Steve clenches his fists, grits his teeth. Takes a deep breath.

If he does what he’s thinking of doing, his life will forever changed, not to mention the life of the man trapped downstairs. If he does this, history will have to be changed, if he does this, it’ll be simultaneously the worst thing he’s ever done, and the best. In fact, he’s not sure who this will hurt, who this will help.

But what did Bucky always say to him, about the biggest Jewish law? “To save someone else’s life is prioritized above all else.”

Steve licks his lips, and catches Coulson’s eyes.

“It’s Bucky,” he says, and thinks,  _ Goodbye, Bucky. _ This, perhaps, may be the hardest thing he’s ever said. “The Winter Soldier is Bucky.”

The room collapses into an uproar.

 

Tony makes Jarvis “work for a living” and Steve’s never been so glad to hear the words “95% facial recognition” in his life.

He honestly didn’t know if this was going to work.

He’s been trembling for the last half hour, something he’d noted quite calmly a while ago, and was still not quite bothering him. It was like everything else besides what revolved around “Bucky” was taking a humongously long time to process.

“That’s 5% off,” says Coulson, and he cocks an eyebrow at Steve. Steve doesn’t slump in his chair, even though he’s exhausted. He doesn’t know what to say.

“I don’t know what to say,” he mumbles.

“Are you sure that the Winter Soldier, the man downstairs, is Bucky Barnes?” prods Bruce. “Because Steve, if you’re wrong--”

“I knew Bucky my whole life,” says Steve softly. He looks down, uncurls his shaking fingers. “I’d know his face anywhere.” That, at least, is not a falsehood.

“Why didn’t you tell me?” demands Natasha. “When I brought you in?”

Steve looks up again, meets her eyes across the table. He’s not a particularly good liar, and he doesn’t know how Natasha isn’t picking up on the hundreds of clues he’s surely broadcasting, or how Clint and Coulson aren’t, but he’s not about to look a gift horse in the mouth.

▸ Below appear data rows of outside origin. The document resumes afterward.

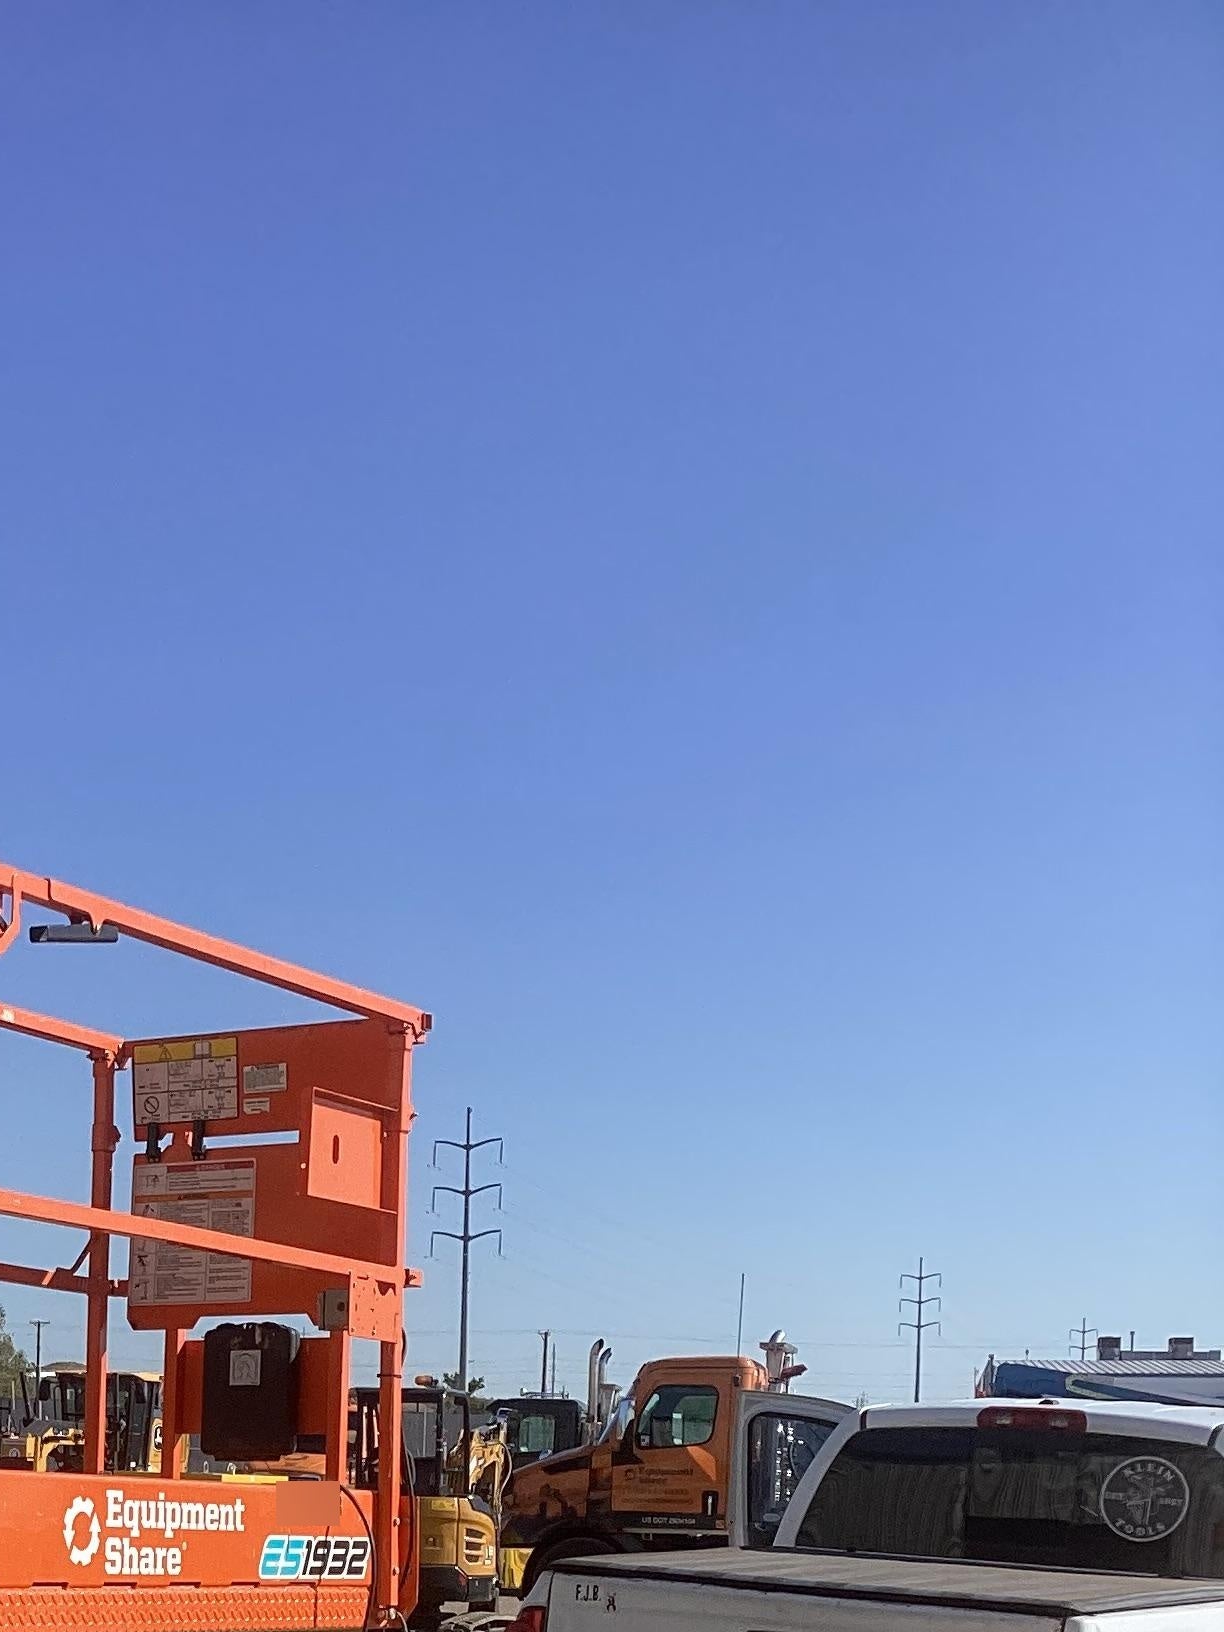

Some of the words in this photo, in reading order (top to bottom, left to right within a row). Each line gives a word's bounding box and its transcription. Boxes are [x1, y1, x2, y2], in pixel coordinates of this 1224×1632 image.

[105, 1488, 246, 1539] Equipment
[104, 1536, 182, 1576] Share
[260, 1536, 370, 1578] ES1932
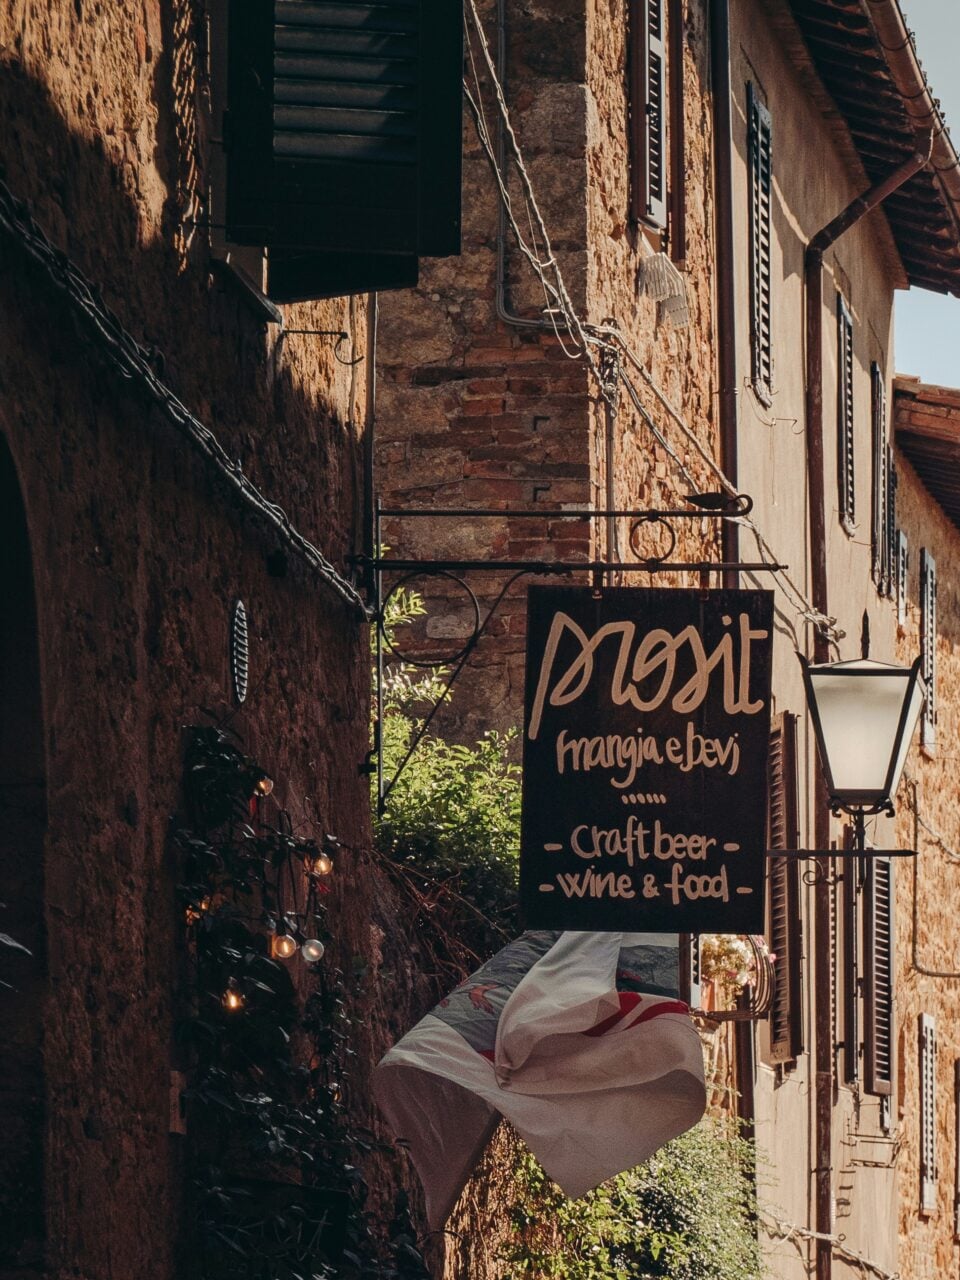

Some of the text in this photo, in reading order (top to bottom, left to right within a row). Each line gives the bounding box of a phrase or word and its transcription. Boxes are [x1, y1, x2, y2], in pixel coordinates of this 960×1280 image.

[528, 611, 769, 740] prosit
[654, 819, 717, 860] beer
[556, 862, 730, 905] wine & food
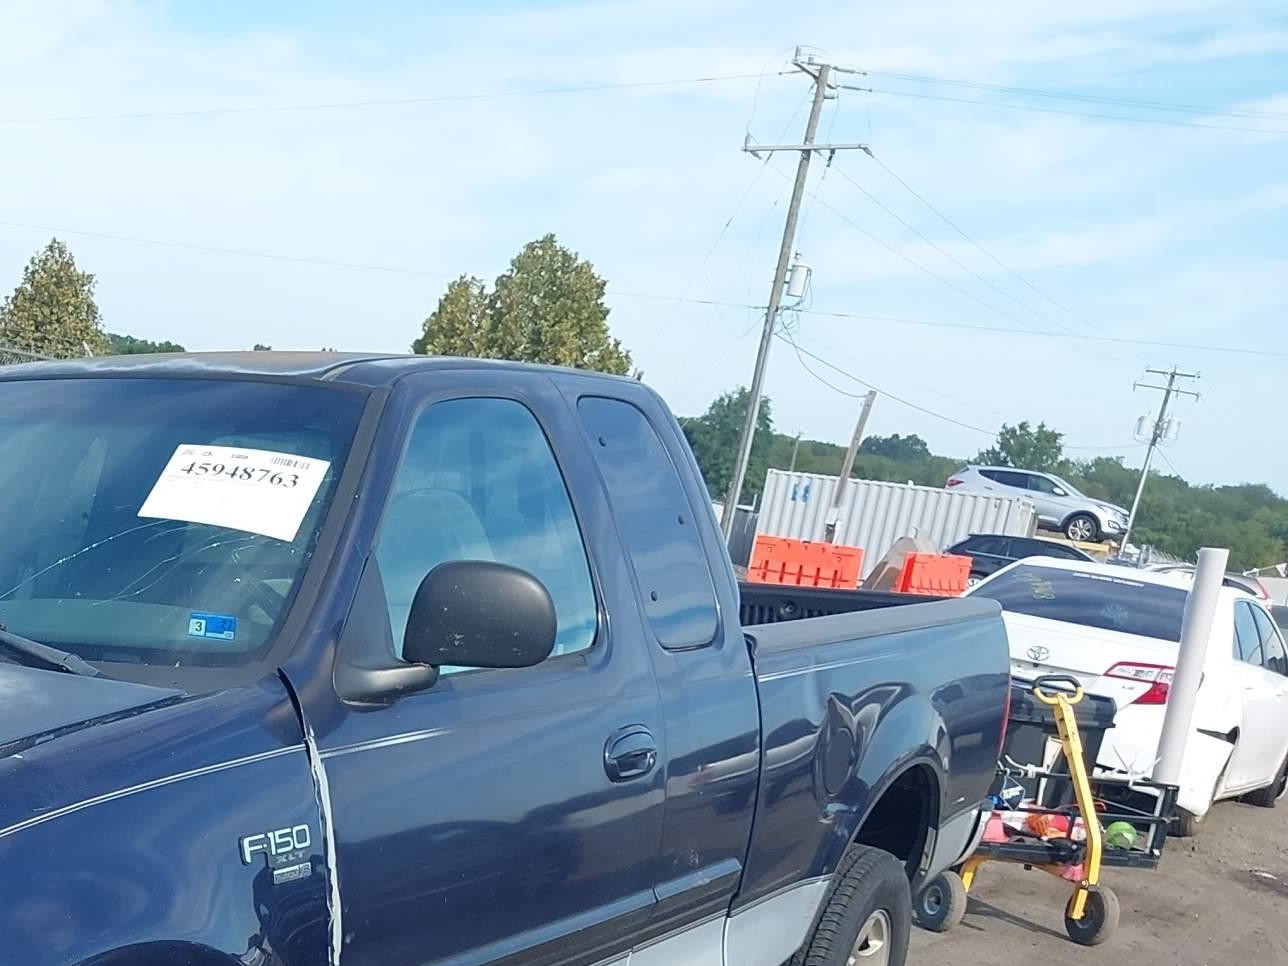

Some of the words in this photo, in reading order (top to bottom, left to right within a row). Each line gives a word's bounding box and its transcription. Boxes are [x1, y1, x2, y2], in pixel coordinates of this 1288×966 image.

[180, 461, 300, 489] 45948763
[195, 621, 203, 632] 3
[275, 849, 307, 864] XLT
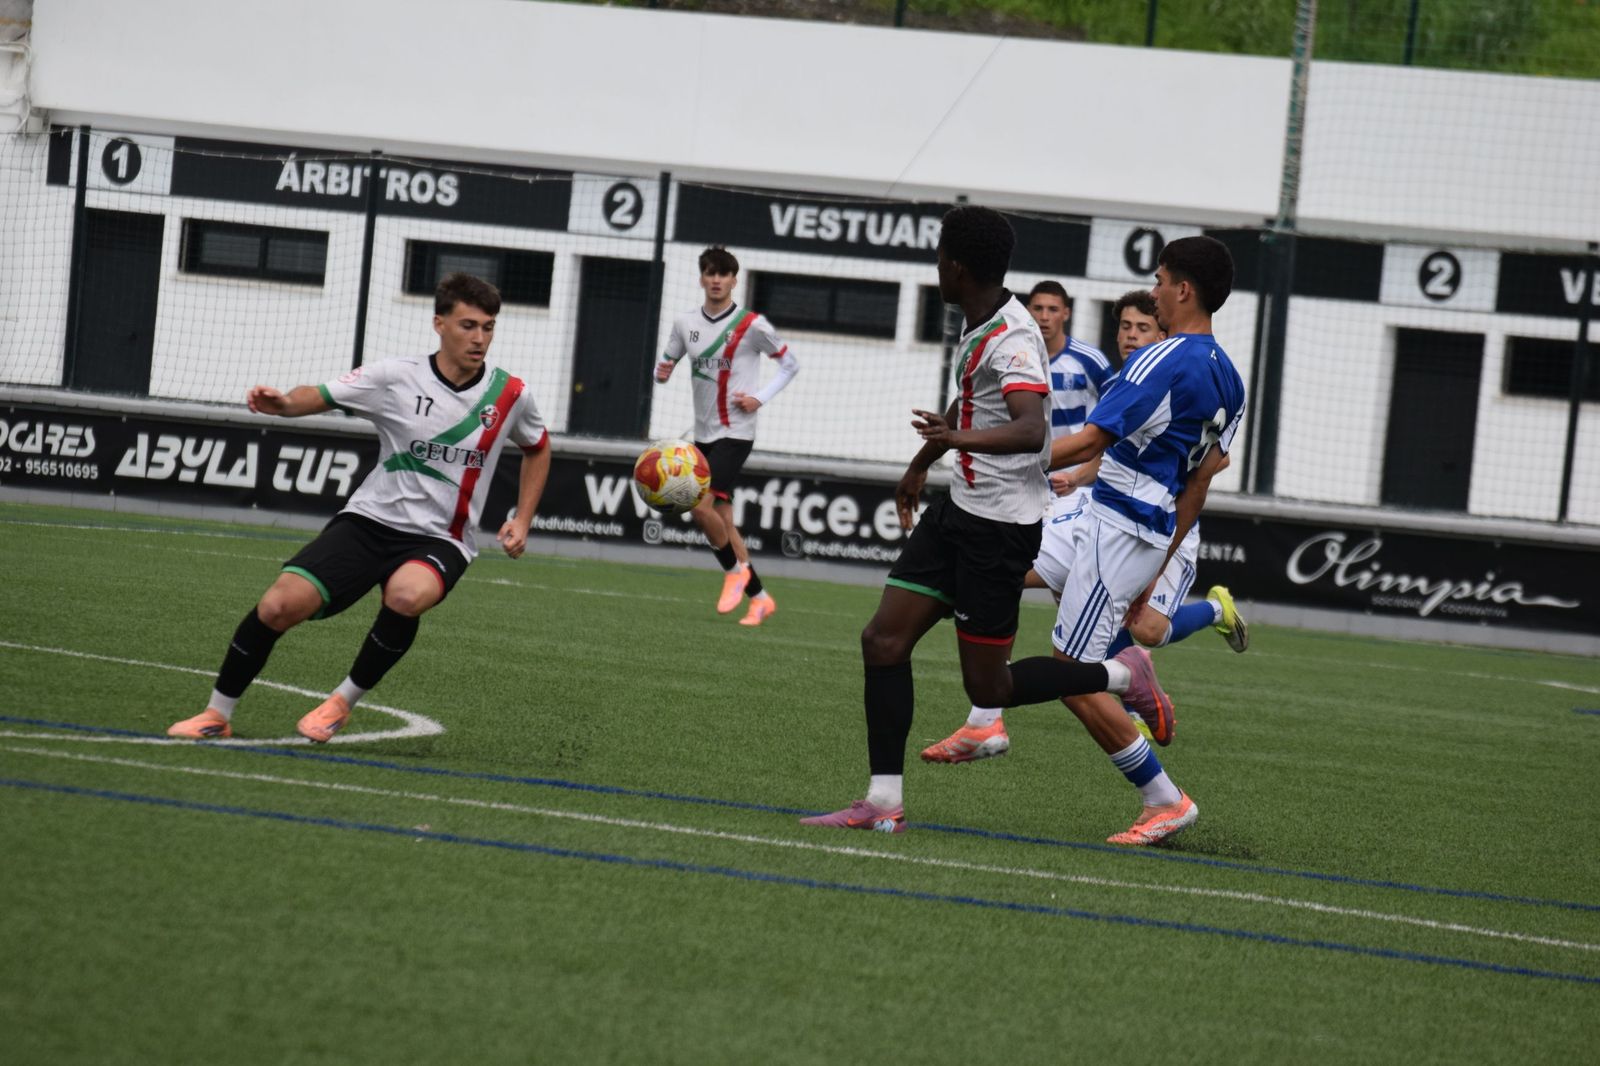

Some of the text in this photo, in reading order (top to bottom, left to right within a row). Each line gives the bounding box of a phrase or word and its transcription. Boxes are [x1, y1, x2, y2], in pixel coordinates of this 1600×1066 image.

[111, 142, 129, 179] 1
[275, 152, 459, 206] ÁRBIROS
[610, 189, 634, 224] 2
[770, 203, 941, 250] VESTUAR
[1133, 232, 1154, 271] 1
[1424, 258, 1454, 295] 2
[689, 331, 699, 343] 18
[415, 395, 434, 417] 17
[25, 459, 99, 480] 956510695
[114, 433, 360, 497] ABYLA TUR
[409, 439, 486, 468] CEUTA
[1286, 531, 1580, 617] Olimpia
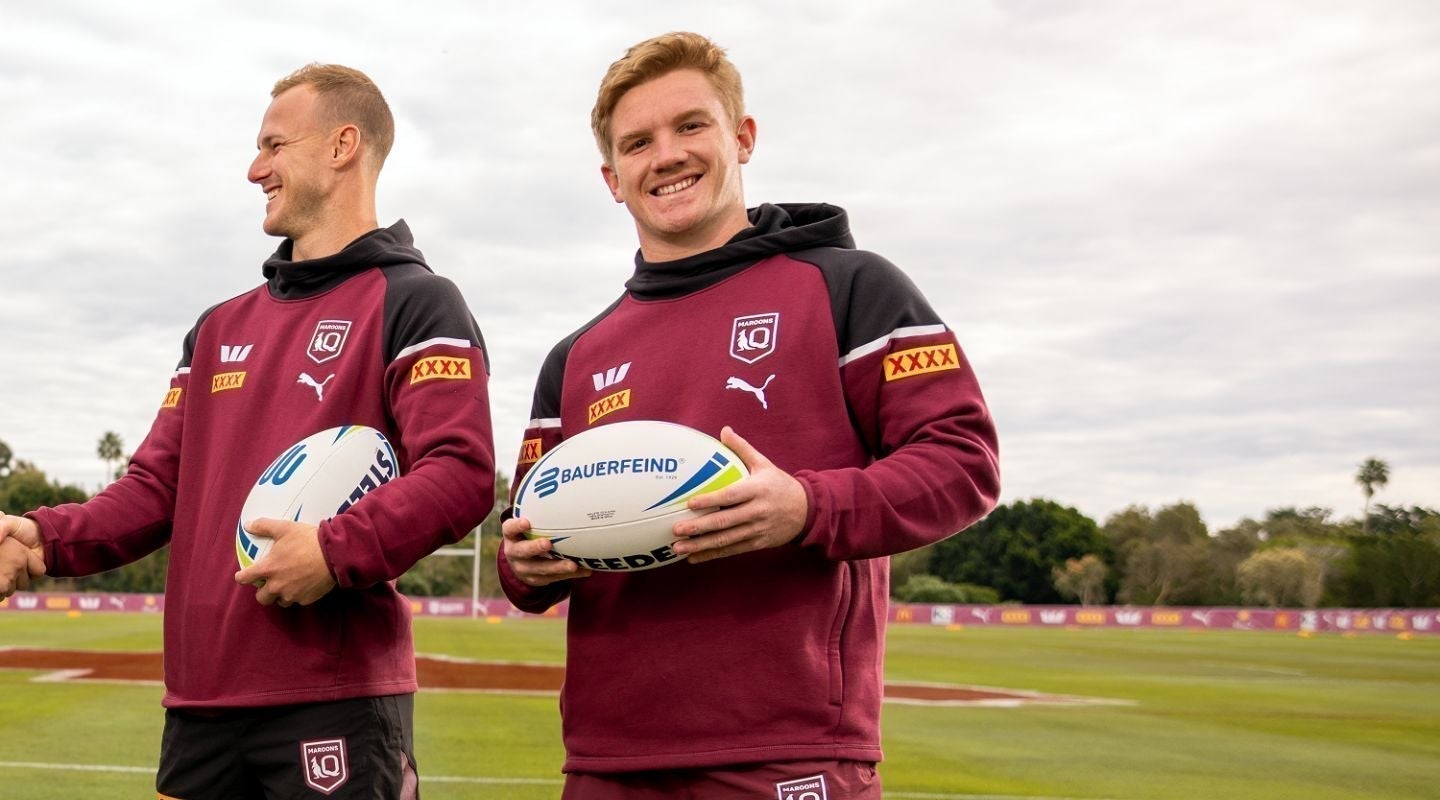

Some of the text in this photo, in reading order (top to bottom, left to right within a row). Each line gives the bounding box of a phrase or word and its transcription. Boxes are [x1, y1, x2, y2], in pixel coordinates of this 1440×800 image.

“Would you have believed me?” asks Steve.

The room goes quiet.

“Bucky Barnes,” says Coulson heavily. “Jesus Christ.”

For a moment, Steve feels bad for him. It could’ve been much simpler than this. He could’ve let it all go, let the Winter Soldier sink into forgotten oblivion, let an innocent man who had no choice continue to have no choice--but that would’ve been too easy.

And Steve’s never gone down without a fight.

“Guess you can’t pack him up and ship him off to Siberia like you wanted,” says Tony, sarcasm heavy in his voice. “He’s an American hero, Coulson, so what are you going to do? Can’t kill him off now, can you?”

Steve shudders.

Coulson seems to ignore the last thing Tony said, instead choosing to put his elbows on the table and bury his face in his hands. “Jesus Christ,” he mutters again. “What the hell is Fury going to say? What am I going to do?”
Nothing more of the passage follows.